### What is required
Repeat every record below exactly as written.

○ ○ ○ ○ ○

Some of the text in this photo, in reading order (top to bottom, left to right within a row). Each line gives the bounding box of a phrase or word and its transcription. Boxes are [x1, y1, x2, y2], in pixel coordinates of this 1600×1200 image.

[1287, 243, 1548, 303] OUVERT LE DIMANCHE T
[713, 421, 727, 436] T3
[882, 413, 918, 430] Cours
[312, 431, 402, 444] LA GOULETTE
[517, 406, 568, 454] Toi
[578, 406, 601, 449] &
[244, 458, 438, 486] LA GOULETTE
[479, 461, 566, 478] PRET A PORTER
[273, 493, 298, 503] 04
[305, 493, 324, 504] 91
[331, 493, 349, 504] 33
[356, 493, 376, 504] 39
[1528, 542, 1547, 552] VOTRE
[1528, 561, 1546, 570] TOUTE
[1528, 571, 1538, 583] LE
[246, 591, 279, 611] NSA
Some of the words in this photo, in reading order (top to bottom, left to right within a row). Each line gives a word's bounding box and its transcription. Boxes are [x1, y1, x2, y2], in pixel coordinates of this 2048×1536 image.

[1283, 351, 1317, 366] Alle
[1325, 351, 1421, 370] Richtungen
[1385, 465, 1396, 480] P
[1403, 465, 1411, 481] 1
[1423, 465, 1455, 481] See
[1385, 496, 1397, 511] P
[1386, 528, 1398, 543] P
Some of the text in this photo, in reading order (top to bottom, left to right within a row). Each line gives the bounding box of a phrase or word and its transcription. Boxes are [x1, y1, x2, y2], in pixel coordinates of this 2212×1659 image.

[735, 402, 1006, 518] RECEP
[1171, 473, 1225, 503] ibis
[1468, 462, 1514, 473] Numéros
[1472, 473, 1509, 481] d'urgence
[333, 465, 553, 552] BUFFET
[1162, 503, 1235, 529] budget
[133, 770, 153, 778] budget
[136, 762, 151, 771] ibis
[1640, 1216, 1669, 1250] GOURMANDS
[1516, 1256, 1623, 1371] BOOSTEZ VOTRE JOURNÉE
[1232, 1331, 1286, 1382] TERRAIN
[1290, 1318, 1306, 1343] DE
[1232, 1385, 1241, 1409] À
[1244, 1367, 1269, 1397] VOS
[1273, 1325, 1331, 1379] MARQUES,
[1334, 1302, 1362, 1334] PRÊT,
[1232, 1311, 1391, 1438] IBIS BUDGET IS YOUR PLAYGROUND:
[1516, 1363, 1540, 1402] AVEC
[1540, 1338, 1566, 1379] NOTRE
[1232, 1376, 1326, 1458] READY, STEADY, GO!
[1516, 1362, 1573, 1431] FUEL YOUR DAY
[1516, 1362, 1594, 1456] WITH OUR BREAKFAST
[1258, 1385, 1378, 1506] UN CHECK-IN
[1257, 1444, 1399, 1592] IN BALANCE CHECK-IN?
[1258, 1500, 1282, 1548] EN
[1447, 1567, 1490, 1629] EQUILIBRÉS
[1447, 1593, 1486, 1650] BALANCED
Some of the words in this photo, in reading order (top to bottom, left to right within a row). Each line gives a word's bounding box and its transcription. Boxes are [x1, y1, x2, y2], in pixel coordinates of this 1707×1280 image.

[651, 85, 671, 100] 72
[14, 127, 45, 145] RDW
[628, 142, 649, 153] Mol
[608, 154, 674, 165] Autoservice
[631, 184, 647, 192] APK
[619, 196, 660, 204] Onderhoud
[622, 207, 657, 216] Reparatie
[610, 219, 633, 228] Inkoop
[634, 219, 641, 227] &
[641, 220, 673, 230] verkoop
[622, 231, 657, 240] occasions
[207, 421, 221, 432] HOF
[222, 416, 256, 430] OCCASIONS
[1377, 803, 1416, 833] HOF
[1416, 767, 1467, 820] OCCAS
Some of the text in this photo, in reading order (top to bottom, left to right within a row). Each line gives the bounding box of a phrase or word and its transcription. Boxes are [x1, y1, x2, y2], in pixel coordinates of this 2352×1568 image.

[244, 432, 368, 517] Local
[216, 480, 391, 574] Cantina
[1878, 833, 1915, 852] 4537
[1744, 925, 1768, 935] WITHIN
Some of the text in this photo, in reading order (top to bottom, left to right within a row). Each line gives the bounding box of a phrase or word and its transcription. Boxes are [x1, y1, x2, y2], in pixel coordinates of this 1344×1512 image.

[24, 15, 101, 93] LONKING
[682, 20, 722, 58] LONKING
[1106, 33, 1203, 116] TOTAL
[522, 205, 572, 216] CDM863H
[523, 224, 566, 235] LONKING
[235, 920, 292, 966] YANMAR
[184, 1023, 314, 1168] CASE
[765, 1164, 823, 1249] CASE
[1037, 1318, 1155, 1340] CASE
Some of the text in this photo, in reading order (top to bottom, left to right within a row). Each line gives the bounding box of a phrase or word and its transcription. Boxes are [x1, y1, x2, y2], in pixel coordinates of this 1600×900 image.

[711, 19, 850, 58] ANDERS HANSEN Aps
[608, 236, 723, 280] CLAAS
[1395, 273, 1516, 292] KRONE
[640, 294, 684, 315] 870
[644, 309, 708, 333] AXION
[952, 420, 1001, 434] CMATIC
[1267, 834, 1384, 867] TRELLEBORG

○ ○ ○ ○ ○

### Answer to this task
Some of the text in this photo, in reading order (top to bottom, left to right within a row). Each line gives the bounding box of a phrase or word and its transcription. Boxes are [x1, y1, x2, y2], in pixel coordinates of this 1600×1200 image.

[1287, 243, 1548, 303] OUVERT LE DIMANCHE T
[713, 421, 727, 436] T3
[882, 413, 918, 430] Cours
[312, 431, 402, 444] LA GOULETTE
[517, 406, 568, 454] Toi
[578, 406, 601, 449] &
[244, 458, 438, 486] LA GOULETTE
[479, 461, 566, 478] PRET A PORTER
[273, 493, 298, 503] 04
[305, 493, 324, 504] 91
[331, 493, 349, 504] 33
[356, 493, 376, 504] 39
[1528, 542, 1547, 552] VOTRE
[1528, 561, 1546, 570] TOUTE
[1528, 571, 1538, 583] LE
[246, 591, 279, 611] NSA
Some of the words in this photo, in reading order (top to bottom, left to right within a row). Each line gives a word's bounding box and its transcription. Boxes are [x1, y1, x2, y2], in pixel coordinates of this 2048×1536 image.

[1283, 351, 1317, 366] Alle
[1325, 351, 1421, 370] Richtungen
[1385, 465, 1396, 480] P
[1403, 465, 1411, 481] 1
[1423, 465, 1455, 481] See
[1385, 496, 1397, 511] P
[1386, 528, 1398, 543] P
Some of the text in this photo, in reading order (top to bottom, left to right within a row). Each line gives the bounding box of a phrase or word and its transcription. Boxes are [x1, y1, x2, y2], in pixel coordinates of this 2212×1659 image.

[735, 402, 1006, 518] RECEP
[1171, 473, 1225, 503] ibis
[1468, 462, 1514, 473] Numéros
[1472, 473, 1509, 481] d'urgence
[333, 465, 553, 552] BUFFET
[1162, 503, 1235, 529] budget
[133, 770, 153, 778] budget
[136, 762, 151, 771] ibis
[1640, 1216, 1669, 1250] GOURMANDS
[1516, 1256, 1623, 1371] BOOSTEZ VOTRE JOURNÉE
[1232, 1331, 1286, 1382] TERRAIN
[1290, 1318, 1306, 1343] DE
[1232, 1385, 1241, 1409] À
[1244, 1367, 1269, 1397] VOS
[1273, 1325, 1331, 1379] MARQUES,
[1334, 1302, 1362, 1334] PRÊT,
[1232, 1311, 1391, 1438] IBIS BUDGET IS YOUR PLAYGROUND:
[1516, 1363, 1540, 1402] AVEC
[1540, 1338, 1566, 1379] NOTRE
[1232, 1376, 1326, 1458] READY, STEADY, GO!
[1516, 1362, 1573, 1431] FUEL YOUR DAY
[1516, 1362, 1594, 1456] WITH OUR BREAKFAST
[1258, 1385, 1378, 1506] UN CHECK-IN
[1257, 1444, 1399, 1592] IN BALANCE CHECK-IN?
[1258, 1500, 1282, 1548] EN
[1447, 1567, 1490, 1629] EQUILIBRÉS
[1447, 1593, 1486, 1650] BALANCED
Some of the words in this photo, in reading order (top to bottom, left to right within a row). Each line gives a word's bounding box and its transcription. Boxes are [x1, y1, x2, y2], in pixel coordinates of this 1707×1280 image.

[651, 85, 671, 100] 72
[14, 127, 45, 145] RDW
[628, 142, 649, 153] Mol
[608, 154, 674, 165] Autoservice
[631, 184, 647, 192] APK
[619, 196, 660, 204] Onderhoud
[622, 207, 657, 216] Reparatie
[610, 219, 633, 228] Inkoop
[634, 219, 641, 227] &
[641, 220, 673, 230] verkoop
[622, 231, 657, 240] occasions
[207, 421, 221, 432] HOF
[222, 416, 256, 430] OCCASIONS
[1377, 803, 1416, 833] HOF
[1416, 767, 1467, 820] OCCAS
Some of the text in this photo, in reading order (top to bottom, left to right within a row). Each line gives the bounding box of a phrase or word and its transcription. Boxes are [x1, y1, x2, y2], in pixel coordinates of this 2352×1568 image.

[244, 432, 368, 517] Local
[216, 480, 391, 574] Cantina
[1878, 833, 1915, 852] 4537
[1744, 925, 1768, 935] WITHIN
Some of the text in this photo, in reading order (top to bottom, left to right within a row). Each line gives the bounding box of a phrase or word and its transcription. Boxes are [x1, y1, x2, y2], in pixel coordinates of this 1344×1512 image.

[24, 15, 101, 93] LONKING
[682, 20, 722, 58] LONKING
[1106, 33, 1203, 116] TOTAL
[522, 205, 572, 216] CDM863H
[523, 224, 566, 235] LONKING
[235, 920, 292, 966] YANMAR
[184, 1023, 314, 1168] CASE
[765, 1164, 823, 1249] CASE
[1037, 1318, 1155, 1340] CASE
Some of the text in this photo, in reading order (top to bottom, left to right within a row). Each line gives the bounding box of a phrase or word and its transcription. Boxes are [x1, y1, x2, y2], in pixel coordinates of this 1600×900 image.

[711, 19, 850, 58] ANDERS HANSEN Aps
[608, 236, 723, 280] CLAAS
[1395, 273, 1516, 292] KRONE
[640, 294, 684, 315] 870
[644, 309, 708, 333] AXION
[952, 420, 1001, 434] CMATIC
[1267, 834, 1384, 867] TRELLEBORG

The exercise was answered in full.